Player$ tour offers big money for scratch players, high handicappers
The Player$ Golf Tour comes to Teal Bend on Sunday.
The winners of the minimum $1,500 guaranteed first-place checks could: 1. Be on the PGA Tour in the near future. 2. Not break 100. 3. Both.
It’s that kind of tour. And JW Means III couldn’t be prouder.
Means co-founded the Player$ Golf Tour 15 years ago to honor and help grow the game. While other regional minitours come and go, their operators often take a big cut and/or the money invested by the competitors with them. This one has roots and low overhead. It also has gross and net divisions, which makes its lasting power all the more impressive when considering the nefarious behavior some will undertake when golf handicaps and money are intertwined.
The tour’s scratch players compete against each other, with the seniors getting a yardage break. The net players with handicaps up to 28 are divided into flights. Means says he has a proven method that safeguards against sandbagging.
“I had one guy play for seven years trying to beat the system,” he said. “We do the best we can to deter gamers and grifters. They don’t like me. I want people to be able to look in the mirror on their way out of the locker room and see who the problem was.”
Local pros Nick Podesta, Erick Justesen and Donnie Baucom are tour regulars. Means will be there Sunday. He’s 85 with “two artificial knees and 12 inches of steel in my back” and a 22 handicap.

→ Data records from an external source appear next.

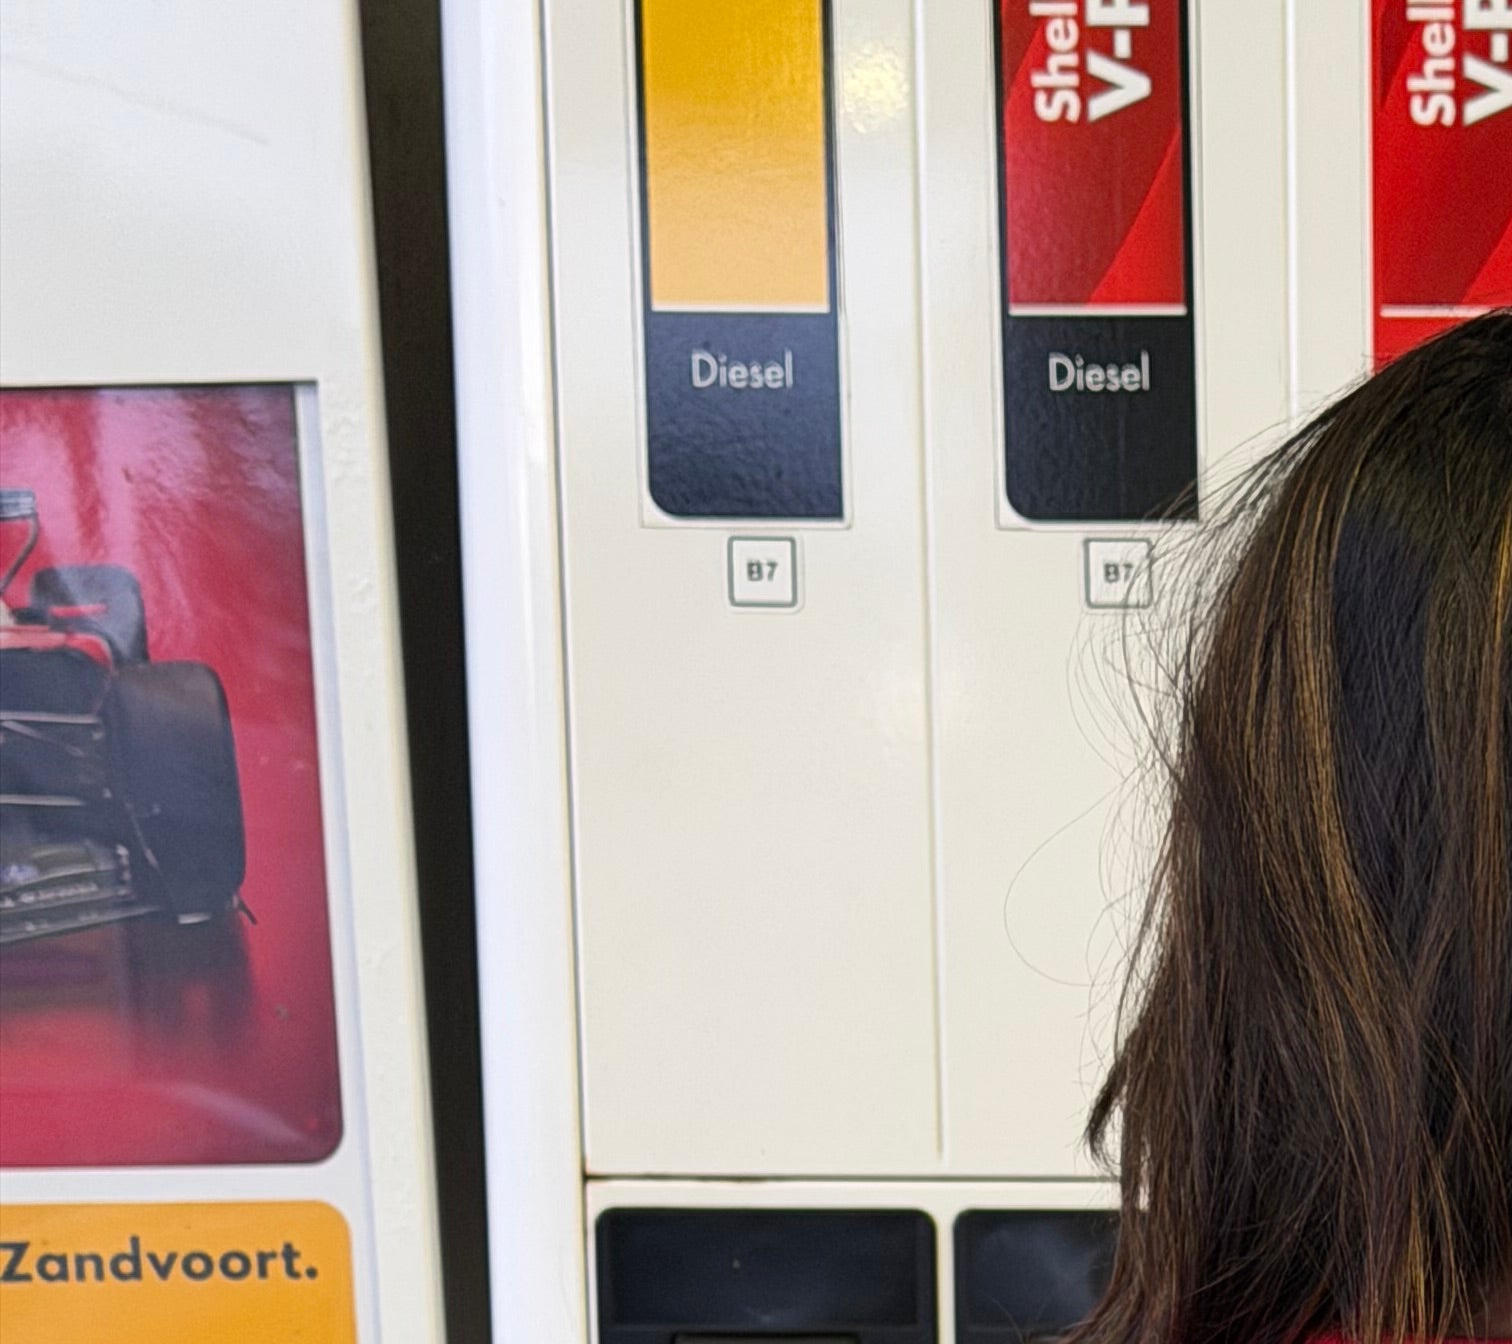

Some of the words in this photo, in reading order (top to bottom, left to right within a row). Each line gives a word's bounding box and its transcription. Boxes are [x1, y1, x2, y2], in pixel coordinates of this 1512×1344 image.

[690, 349, 794, 390] Diesel
[1048, 351, 1151, 392] Diesel
[746, 560, 778, 582] B7
[1104, 563, 1135, 585] B7
[0, 1235, 319, 1283] Zandvoort.

I had one guy play for seven years trying to beat the system. We do the best we can to deter gamers and grifters. They don’t like me. I want people to be able to look in the mirror on their way out of the locker room and see who the problem was.
JW Means
co-founder of the Player$ Golf Tour“I’m a horrible golfer, but I love to compete,” he said from a driving range in Reno, his home base.

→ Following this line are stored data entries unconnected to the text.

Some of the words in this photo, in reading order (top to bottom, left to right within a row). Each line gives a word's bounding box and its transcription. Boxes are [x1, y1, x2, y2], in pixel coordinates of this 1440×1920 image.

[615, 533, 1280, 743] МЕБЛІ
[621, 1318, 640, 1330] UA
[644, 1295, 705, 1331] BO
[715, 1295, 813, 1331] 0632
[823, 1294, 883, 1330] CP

The tournament entry fee is $425 ($300 for tour members). The field typically is split 50-50 between gross and net players. There are myriad side pots. Amateurs are allowed to play for money since it’s a private game, Means said, in which new players must be invited and sponsored by an established tour player.
Means relishes setting up each tournament venue.
“My job is make a player use all 14 clubs,” he said. “If they use their driver 14 times, they probably won’t cash very often.”
The tour averages two tournaments a month. All are in Northern California and Northern Nevada.
“It’s for people who love golf and love to compete,” Means said.
WildHawk adjusts
When life gives lemons, enterprising types make lemonade.
Lemons have rained down on Sacramento-area golf courses for months. At WildHawk, instead of wallowing in the muck, they made a par-3 course.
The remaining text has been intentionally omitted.